Claire Malroux publie Dits du cerf et de quelques biches, aux éditions L’Escampette.
La biche chasseresse
And now We roam in Sov’reign woods
And now We hunt the Doe
E.D.
La parole poétique fait feu : si une femme profère
la biche en elle doit mourir
Déjà dans son nom le son d’un glas s’étire d o e
la biche, gibier du Chasseur et désormais de sa compagne
My life has stood – a Loaded Gun – / In corner
Immobile ma Vie – Fusil chargé
Une arme d’un modèle ancien, oubliée
dans des coins pendant des ans
The Owner passed – identified – And carried Me away –
Le Maître passe – m’identifia - / et M’emporta –
Et maintenant nous hantons les bois royaux
Et maintenant nous CHASSONS LA BICHE
La Chasseresse exulte
Soudainement le monde s’ouvre à elle
forêts montagnes vallées gorgées d’échos et de lumières
Une épopée, fantastique western
Changée au vent de la poésie en machine à tuer
Kill kill kill
la biche traque d’autres biches
comme pour les punir d’avoir été trop longtemps des proies
Chasser pour tout détruire, y compris soi
Elle ne voit pas le sang sur les feuilles
sur la planète souillée sur ses mains
habiles à coudre et à panser
Brève jubilation elle ne peut se plaint-elle
que tuer sans avoir le pouvoir de mourir
Jamais ne pourra se substituer au Chasseur
qui devra vivre après elle
Qui est-il ? La biche poète lance ses flèches
Veut-elle dire que la poésie n’est qu’un instrument, un pouvoir d’emprunt dépendant d’un souffle, des naseaux d’un cerf peut-être, d’une force émanant de la terre ou de l’eau, d’un hypothétique au-delà ?
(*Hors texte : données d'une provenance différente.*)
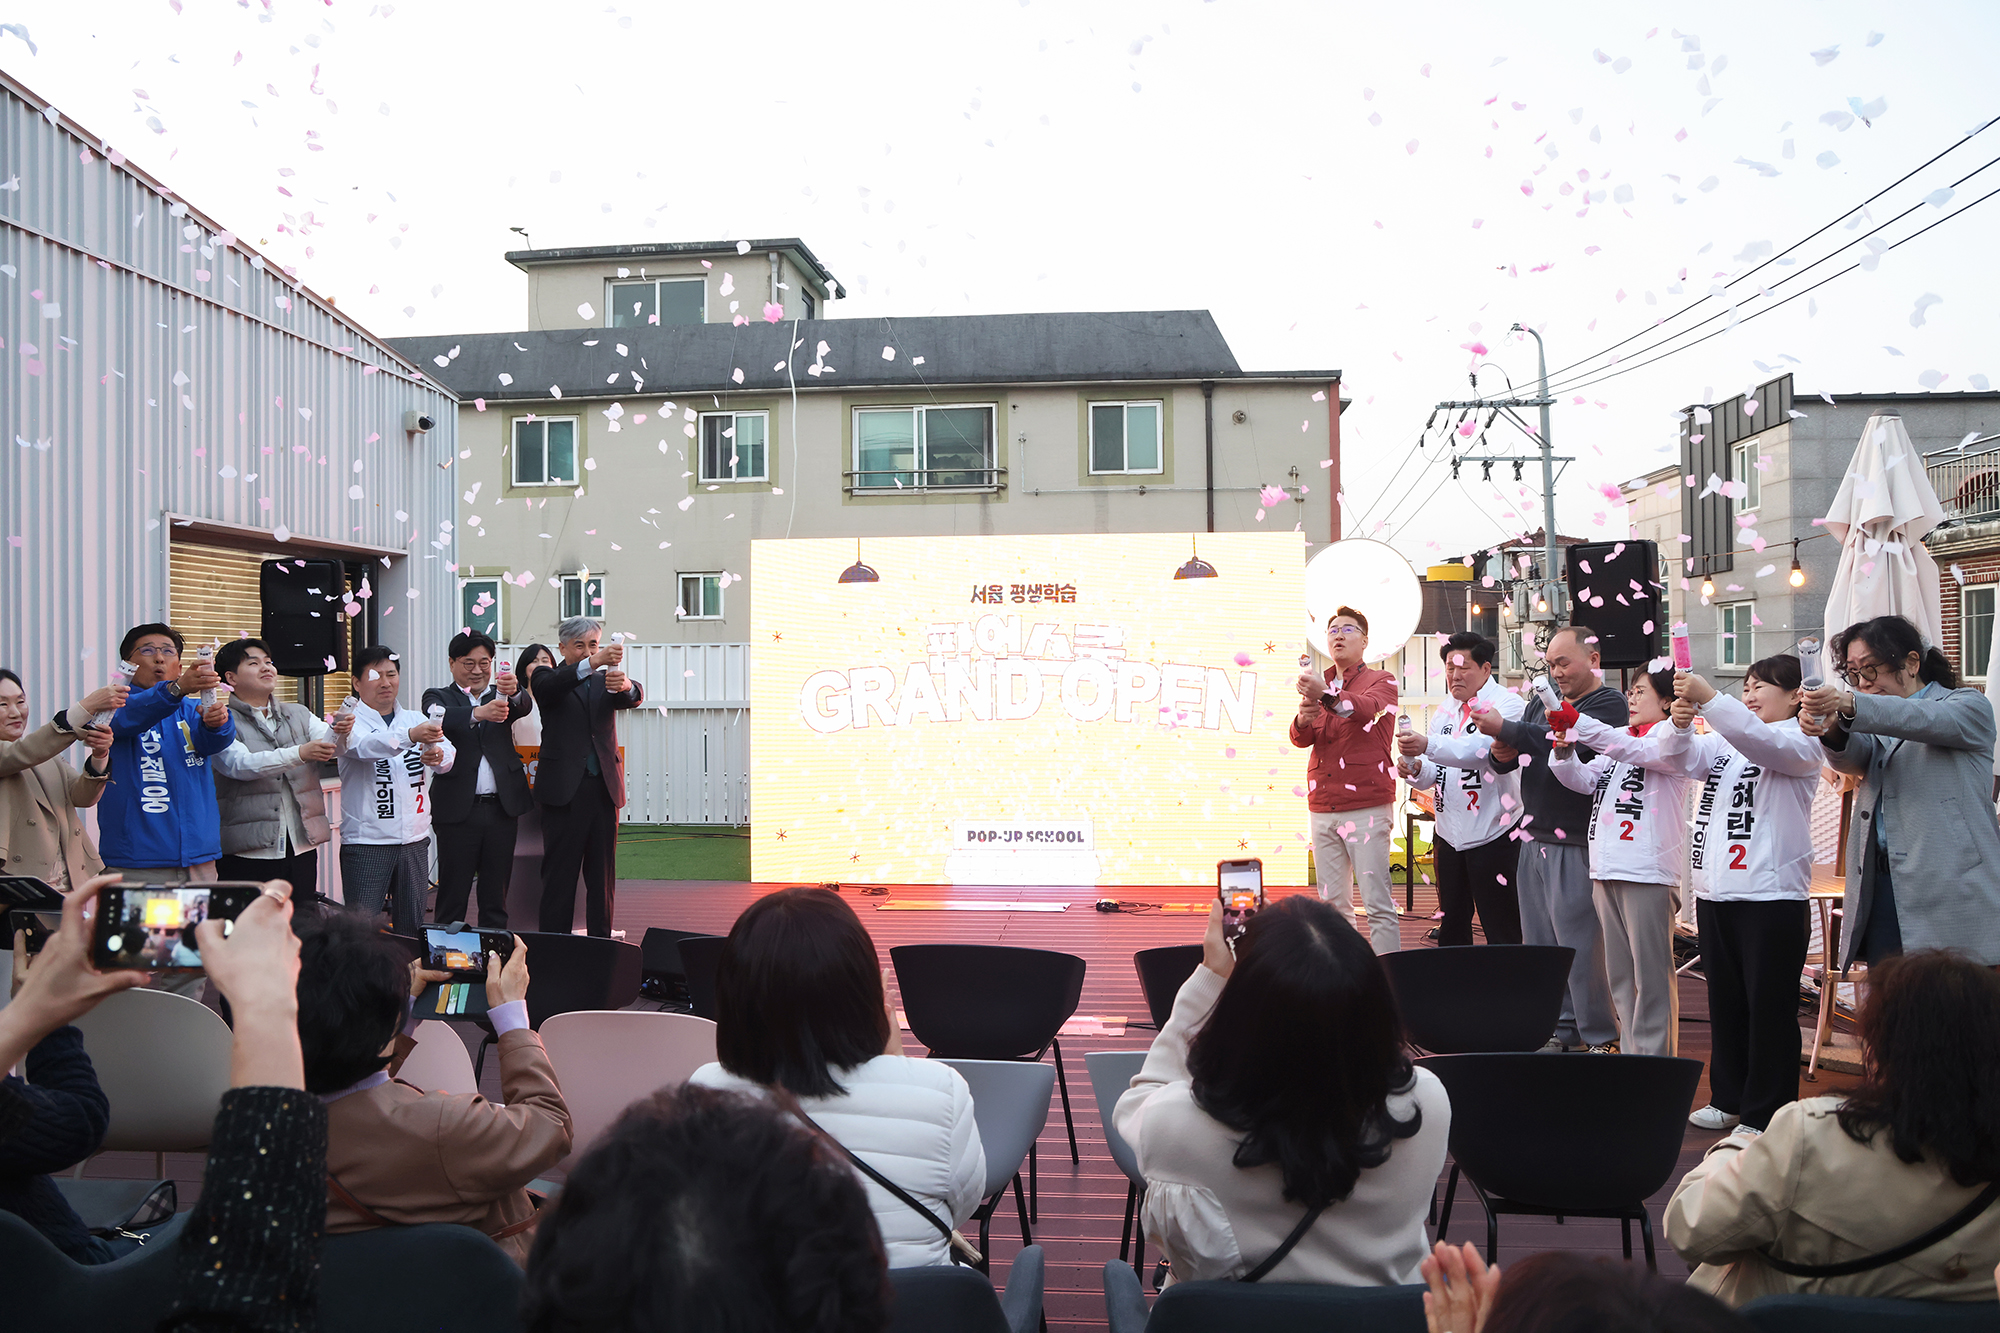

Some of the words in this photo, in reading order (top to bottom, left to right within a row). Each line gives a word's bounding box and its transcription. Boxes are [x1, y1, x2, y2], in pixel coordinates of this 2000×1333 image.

[971, 584, 1003, 604] 서울
[1010, 583, 1077, 603] 평생학습
[800, 657, 1044, 733] GRAND
[1060, 657, 1258, 734] OPEN
[176, 719, 195, 754] 1
[140, 729, 170, 813] 강철웅
[415, 794, 424, 814] 2
[1467, 790, 1480, 811] 2
[967, 830, 1023, 843] POP-UP
[1026, 830, 1085, 843] SCHOOL
[1619, 820, 1634, 841] 2
[1728, 844, 1747, 870] 2
Que le langage, création humain, n’est bon qu’à tuer, arme redoutable, feu à la portée, à la merci, de chacun, et pourtant inextinguible ?
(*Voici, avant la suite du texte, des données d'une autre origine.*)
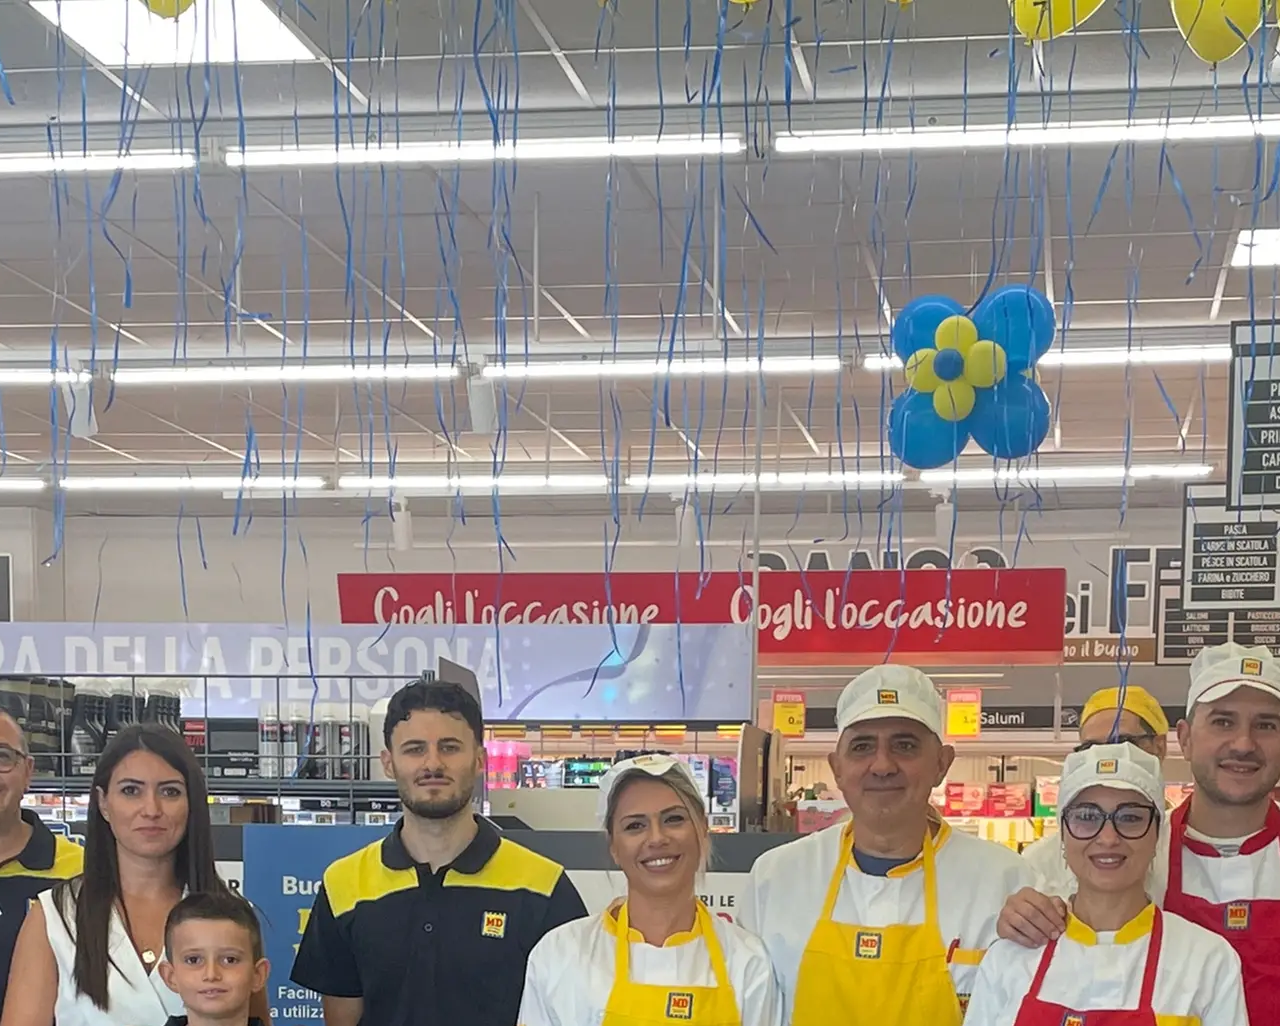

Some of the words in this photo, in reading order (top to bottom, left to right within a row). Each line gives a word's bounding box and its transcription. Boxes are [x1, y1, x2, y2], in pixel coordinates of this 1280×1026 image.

[1236, 539, 1269, 550] SCATOLA
[1226, 556, 1235, 566] IN
[1235, 556, 1268, 567] SCATOLA
[1198, 572, 1224, 583] FARINA
[1232, 571, 1270, 582] ZUCCHERO
[730, 585, 812, 640] Cogli
[825, 588, 1028, 629] l'occasione
[981, 712, 1025, 725] Salumi
[720, 895, 735, 907] LE
[1229, 907, 1246, 919] MD
[486, 916, 503, 928] MD
[860, 938, 877, 949] MD
[672, 998, 688, 1008] MD
Que s’il sait aussi chanter, il ne guérit pas ?
Opaque est la forêt du sens et sans autre solution le mystère que de perpétuellement l’affronter
Une seule certitude : to die, mourir, répond dans le poème à doe, la biche, et ouvre une brèche Une voyelle, un son, diffère et de la mort sépare la vie Telle est la force de la poésie : explorer toutes les voies du langage en le poussant dans ses derniers retranchements, par les associations sans cesse hasardées et renouvelées des
mots et des sons
S’il est un meurtrier, le langage n’est-il pas davantage un musicien, un chaman, un sorcier ?
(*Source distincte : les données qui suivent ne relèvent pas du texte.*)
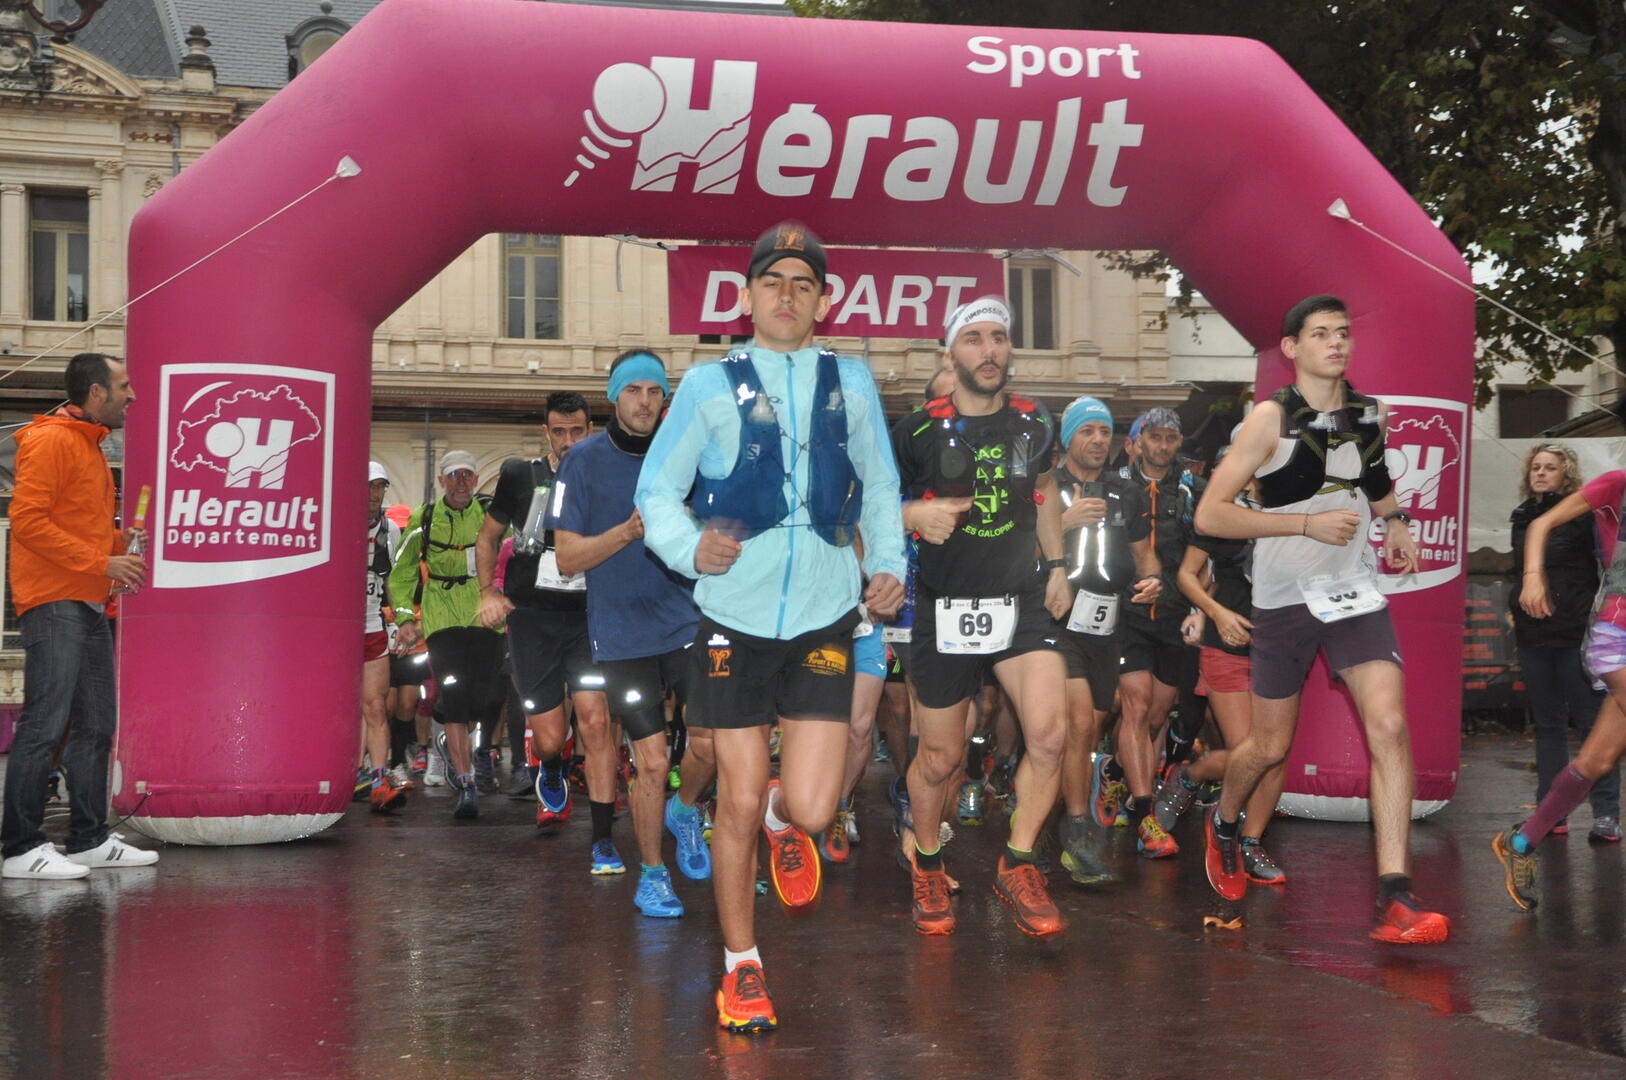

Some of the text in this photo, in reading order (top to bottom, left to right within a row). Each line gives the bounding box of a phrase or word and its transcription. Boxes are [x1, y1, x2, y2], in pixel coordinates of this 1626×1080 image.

[966, 36, 1142, 88] Sport
[631, 56, 1145, 208] Hérault
[700, 270, 977, 328] DPART
[168, 489, 319, 531] Hérault
[167, 528, 317, 548] Département
[959, 613, 993, 637] 69
[1094, 605, 1109, 623] 5
Mais aujourd’hui plus qu’hier, les flèches à nouveau remplacent le chant
C’est pourquoi je me tourne d’abord vers le Moyen Age, et inaugure mon face à face avec le cerf par un retour à L’AGE D’OR ROUGE DE LA CHASSE…
Claire Malroux, Dits du cerf et de quelques biches, éditions L’Escampette, 2014, p. 15.